I recently wrote a few postings about great Sun stuff. The reason for that? - Well since joining Sun I get all the information about the things Sun does and there are tons of cool things, I enjoy OpenSolaris, especially DTrace and zfs (zfs snapshots!) - these are great pieces of technology. Ok, you can feel that OpenSolaris isn't finished yet, but it's a good step from a classic Unix to a quite usable system.

Now Sun is famous for another product family: Java. For me Java has always been a synonym for ugly and annoying applets and over-engineered "enterprise" applications which are close to being unusable. Being Sun I learned about a new technology for fighting the RIA wars against Microsoft's Silverlight and Adobe's Flex: JavaFX. After browsing a while over the different sites I found out that key part of JavaFX is a declarative scripting language for creating user-interfaces. That sounds quite cool - no annoying and over-verbose XML and no procedural coding for describing a GUI, but a syntax which looks quite sane for that. So I wanted to give it a shot. And that's where the trouble began ...

... on the downloads page I first read about a NetBeans plugin being featured, ok, great for getting started a GUI supporting me is a nice thing, I'm not soo much of a GUI guy, but yeah, let's try it, especially as in my previous experience NetBeans, unlike other IDEs, doesn't do too much wrong.
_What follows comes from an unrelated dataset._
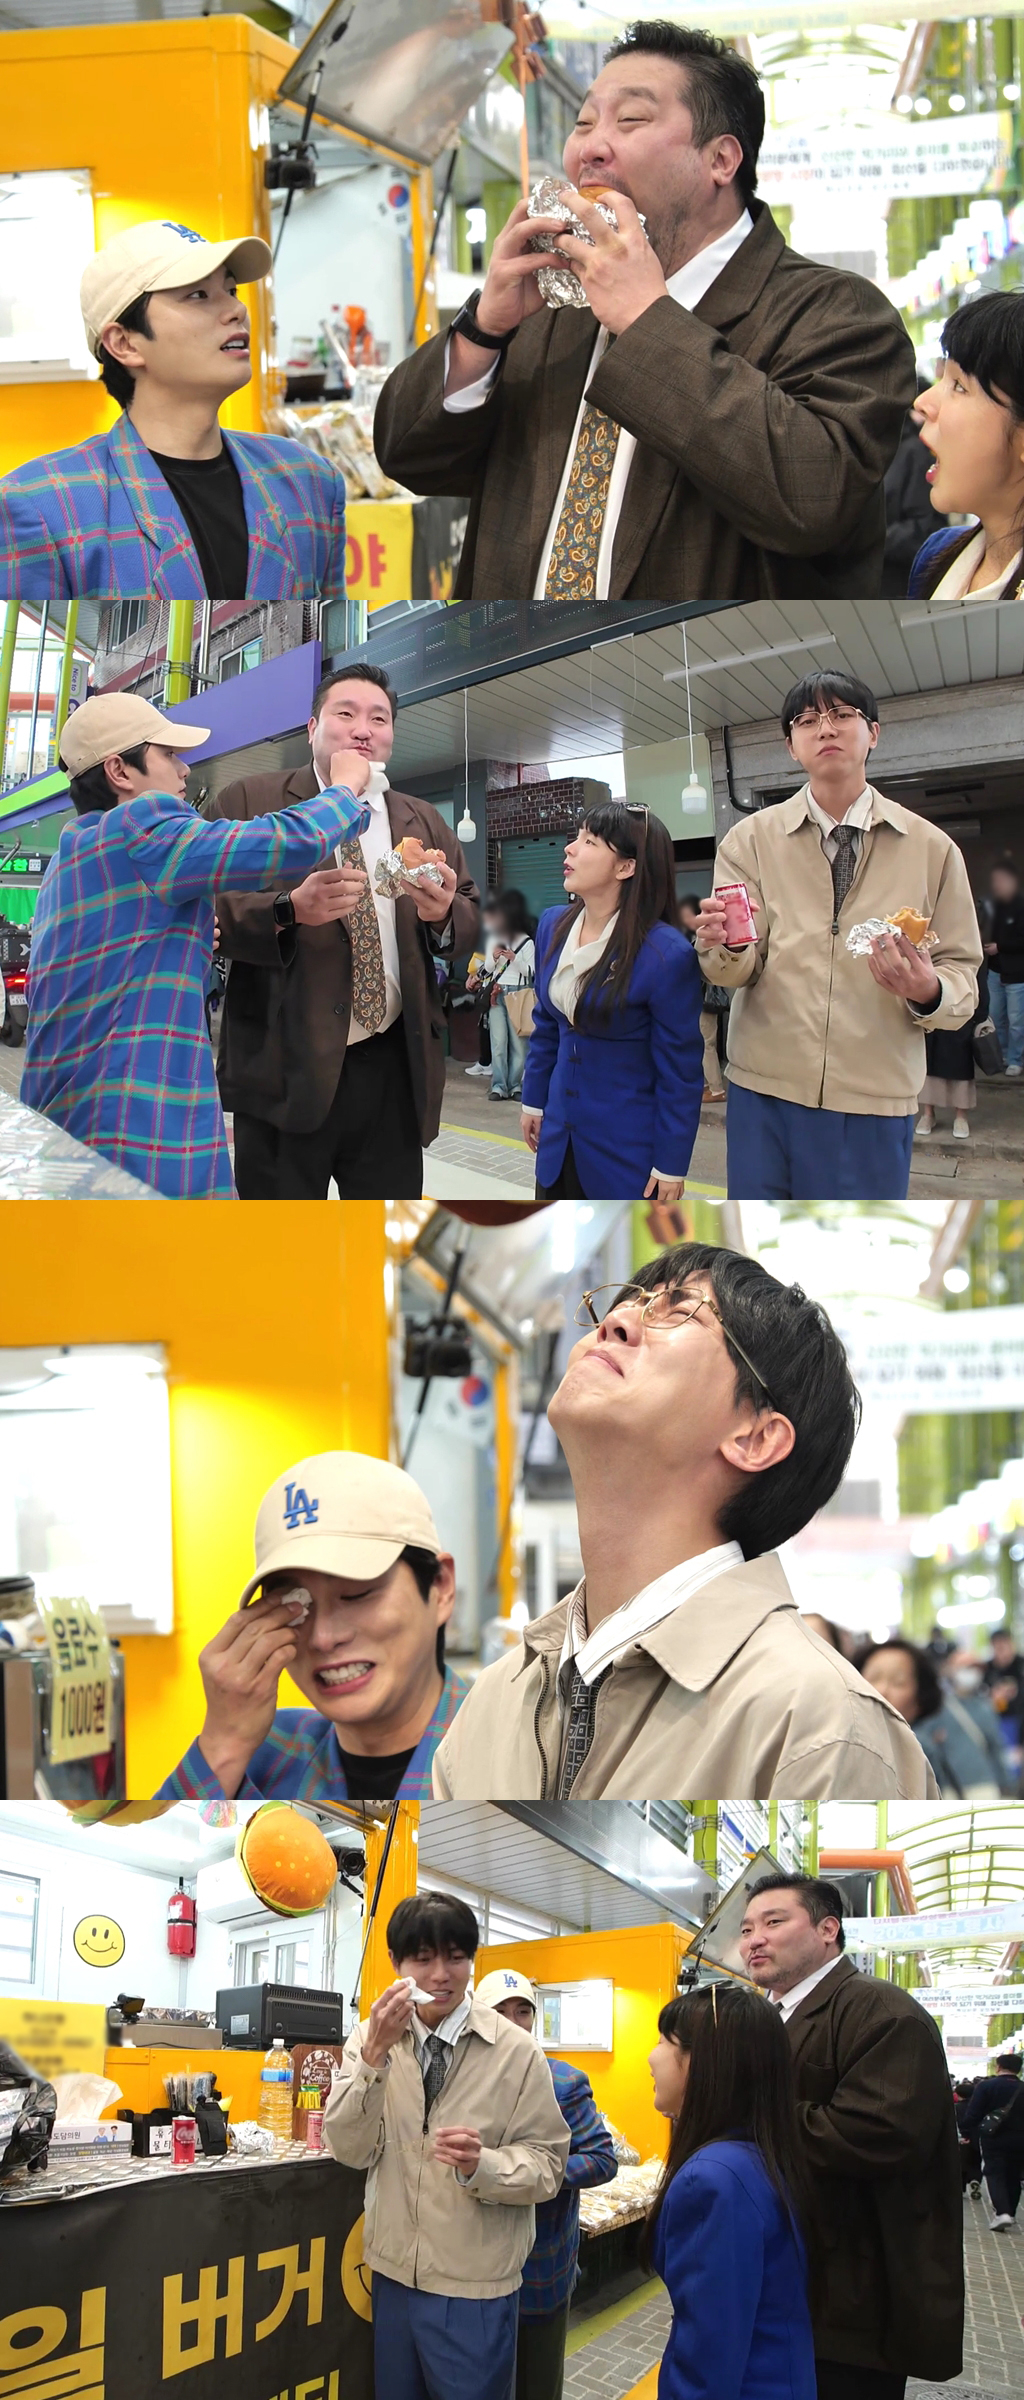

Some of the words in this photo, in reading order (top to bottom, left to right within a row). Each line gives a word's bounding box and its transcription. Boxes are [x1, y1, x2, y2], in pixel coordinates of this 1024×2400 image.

On the download page they offered only a full bundle but no information how get the plugin stand alone, so I went to my NetBeans, I'm having NetBeans 6.5RC2 installed, opened the plugin manager and didn't find JavaFX. Sad. With the help of a search engine I found out that the plugin should be available there in the "Beta" repository. Double checked wasn't there. As I'm running a pre-release version of NetBeans I figured out that the probably don't offer the JavaFX plugin officially there and added the 6.1 Beta repository, and see: a JavaFX plugin was available there. So next step: Install it into NetBeans 6.5. Installation failed as some "webstart" plugin wasn't registered. Checked the bugs database: Known issue, fixed in the code repository, but not yet in a release. Bad luck.

Next step: Fetch the old version of NetBeans, 6.1, which I had still installed. Go to the plugin manager, select JavaFX, click install, which didn't work, again. This time the javafx sdk plugin was missing. Ok, enough of stupid GUIs let's go command line!

First step: Go to the downloads page and load the SDK. First barrier: Which operating system am I running? - Sorry neither MacOS nor Windows. I could offer Linux and OpenSolaris but no downloads for either of them. Checked using a search engine, I'm not the only one having that problem but there's a solution: Fetch the MacOS zip package unzip it, set $PATH and $JAVAFX_HOME and go.

Cool it's running - Wait, how do I know it's really running? Let's take some sample code an run it. Finding code is easy, there's plenty of stuff. On the different sites, oh these sites, that's another source of confusion, there's the openjavafx site, there's the javafx.com site and stuff on sun.com but mostly share the same text and link to each other... but ok, found some code, now how do I execute it. Reading the tutorial doesn't give any information. So I had to do more research. With a quite simple solution: Save the code to some file like foo.fx then run javafxc foo.fx now you get a .class file. Sounds like Java, so run java foo and get an error message, remember "hey it's JavaFX, use javafx as command," run javafx foo and hey - it really works!